Private Trust Companies
PTC is established to act as corporate trustee to a trust, created by the appointed settlor connected to the settlor.
Each beneficiary of the trust is a connected person in relation towards the settlor of such trust. Such a person can be described as:
What are the benefits of using Singapore PTC?
There is a list of benefits the trustee can gain by engaging Singapore PTC:
Confidentiality – Compared to independent professional trustee, PTC is deemed to be more trustworthy and private
Control and influence – Board of PTC consists of settlor, members of the family as well as trusted advisor. Settlor and family members are directly involved with the decision-making process
Continuity – The agent may change but the PTC will remain as trustee providing continuation of asset ownership
Diversified underlying assets – PTC allows better choice to which investments can be made with the trust fund based on current knowledge of the economy and market
Ownership succession – PTC can be owned by settlor or family members appointed.
Will vs Trust
A person’s will be a legal declaration of a person’s wish regarding the succession of the owner assets in a legally bind document after the person’s death.
A private trust is where the beneficiaries are definite and specific individuals which are already mentioned in the legally bind document. It can be owned even when the owner is still alive.

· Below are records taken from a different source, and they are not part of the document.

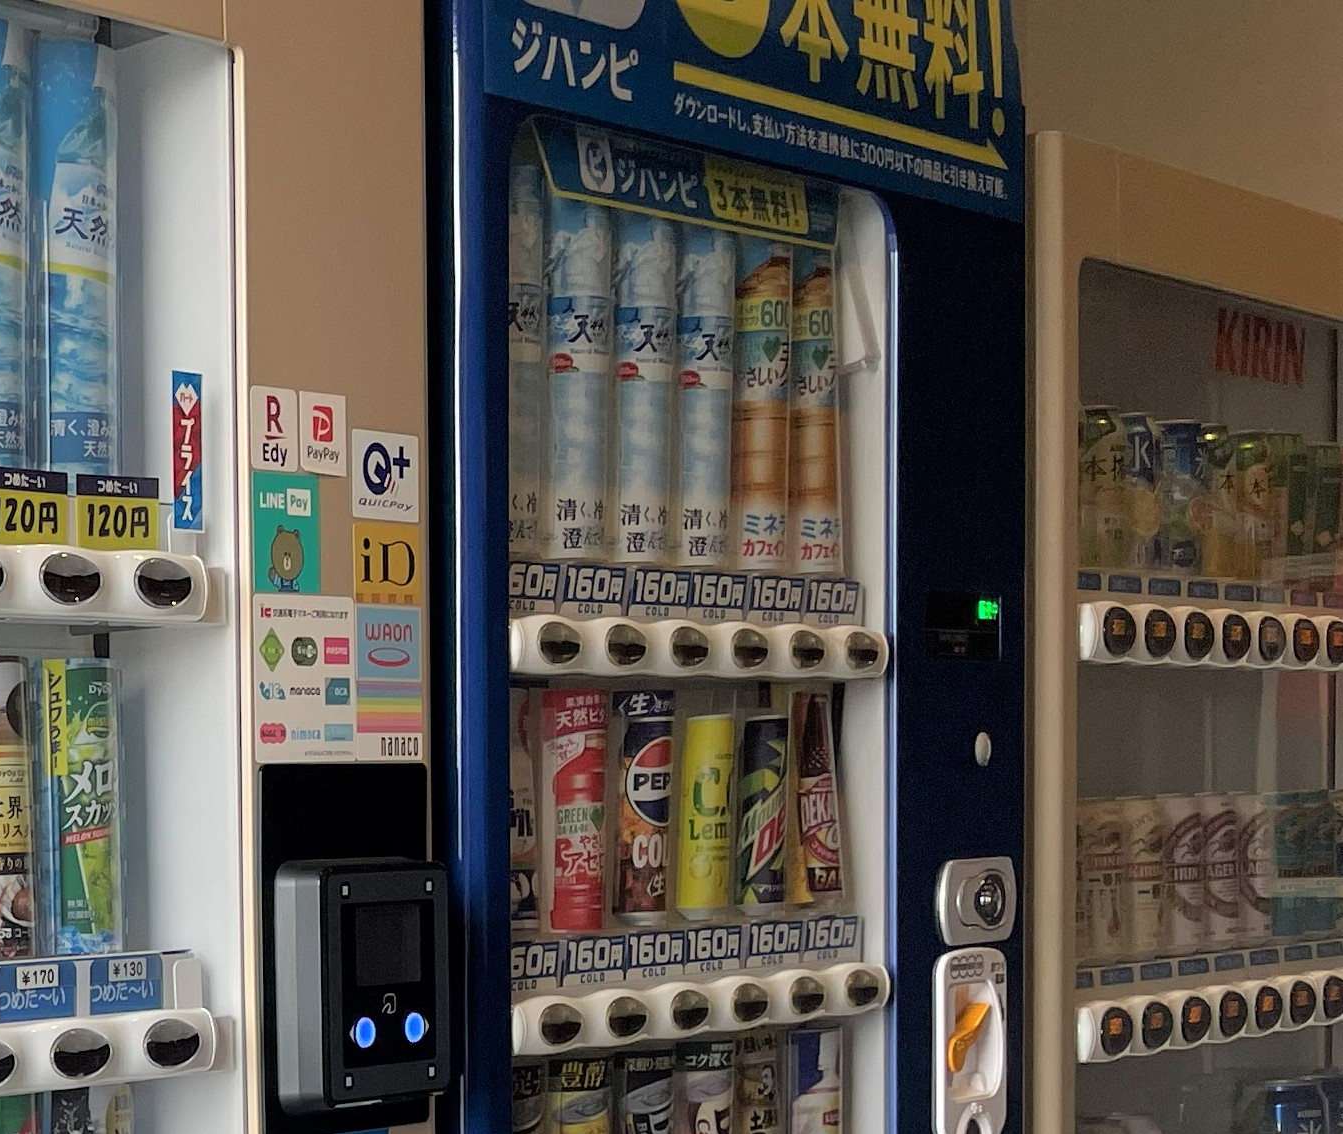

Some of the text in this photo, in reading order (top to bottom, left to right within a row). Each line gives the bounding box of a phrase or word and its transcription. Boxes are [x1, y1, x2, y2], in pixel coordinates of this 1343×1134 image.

[511, 17, 639, 102] ジハンピ
[618, 159, 698, 210] ジハンピ
[1214, 307, 1307, 388] KIRIN
[262, 442, 288, 467] Edy
[307, 445, 340, 464] PayPay
[178, 417, 194, 523] プライス
[259, 491, 308, 511] LINE Pay
[87, 503, 150, 539] 120円
[360, 538, 415, 587] iD
[566, 565, 624, 602] 160円
[693, 574, 744, 605] 160円
[809, 581, 857, 612] 160円
[578, 602, 603, 615] COLD
[702, 608, 726, 619] COLD
[818, 613, 839, 624] COLD
[365, 622, 412, 642] WAON
[290, 687, 321, 696] manaca
[291, 728, 321, 740] nimoca
[381, 737, 419, 756] nanaco
[557, 806, 591, 826] GREEN
[688, 929, 740, 959] 160円
[808, 919, 855, 949] 160円
[568, 939, 624, 971] 160円
[817, 950, 838, 960] COLD
[21, 969, 55, 985] ¥170
[113, 961, 144, 977] ¥130
[642, 967, 666, 978] COLD

People involved within PTC
Settlor – The person in charge to create the trust by transfer assets into PTC. It can be either an individual or a corporate entity
Professional administrator – Is basically the licensed trust Company in Singapore
Board of Directors – Normally involved the settlor, family members as well as advisors
Trustee – The person who acts as trustee of a private trust
Enforcer of Purpose Trust – This person is appointed to ensure the Professional Trustee acts in accordance with the terms of the trust. This cannot be the same person as Professional Trustee to avoid conflict of interest.

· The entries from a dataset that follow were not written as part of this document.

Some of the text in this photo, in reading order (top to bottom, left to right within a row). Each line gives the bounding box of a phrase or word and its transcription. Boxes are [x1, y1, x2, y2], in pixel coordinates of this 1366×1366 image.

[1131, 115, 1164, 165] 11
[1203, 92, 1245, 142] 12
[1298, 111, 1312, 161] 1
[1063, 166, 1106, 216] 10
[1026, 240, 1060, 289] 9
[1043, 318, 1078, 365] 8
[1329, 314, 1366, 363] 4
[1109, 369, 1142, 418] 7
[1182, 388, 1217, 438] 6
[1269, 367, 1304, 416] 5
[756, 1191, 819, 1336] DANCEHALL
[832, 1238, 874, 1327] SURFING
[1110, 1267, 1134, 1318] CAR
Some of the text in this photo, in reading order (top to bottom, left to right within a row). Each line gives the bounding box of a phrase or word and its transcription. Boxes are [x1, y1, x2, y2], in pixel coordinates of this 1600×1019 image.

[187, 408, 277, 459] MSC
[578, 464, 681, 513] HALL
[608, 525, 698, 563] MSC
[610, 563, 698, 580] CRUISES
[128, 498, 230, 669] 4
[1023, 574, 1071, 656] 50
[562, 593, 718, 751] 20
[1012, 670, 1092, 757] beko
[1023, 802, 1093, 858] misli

Professional Trustee – The person that holds the shares of PTC to overcome succession issues upon demise of settlor
Key Requirements of Singapore PTC
The purpose of PTC is to provide trust services to the family and is prohibited from soliciting trust business from and provide trust services to the public.
Exempted under Trust Companies Act (TCA) from holding trust business license
Required under regulation 4(2) of Trust Companies (Exemption) Regulations to engage a licensed trust company to carry out trust administration services for the purpose of conducting necessary checks to comply with any written direction issued by Monetary Authority of Singapore (MAS) on the prevention of money laundering or countering the financing of terrorism
May only provide trust services to private trust
Trust for Family members
In recent years, the trusts are becoming more well-known due to its features that can override inheritance tax and gift tax which is otherwise is taxable against the beneficiaries under certain jurisdiction if it is transferred via will.
In lieu of this, aristocrats often choses to pass on their inheritance to their children via trusts instead of will. Even though venturing into trust involves recurring cost such as service fees, however it is still considered cost effective as it provides more benefits such as tax savings and confidentiality.
Those who are considered as high-risk profiles, protecting their accumulated wealth from being attached to any litigation is a normal concern. Hence, placing their wealth in trust will indirectly alienate the assets from such claims as the ownership is transferred to the trust and settlor does not have any legal rights over the assets.
As for family businesses, placing their shares in the form of trust will ensure its continuance despite any potential disputes amongst the family members as well as bankruptcy. Hence, placing the shares in the form of trust will not on benefit the family members as beneficiaries but will also preserve the family business for generations to come.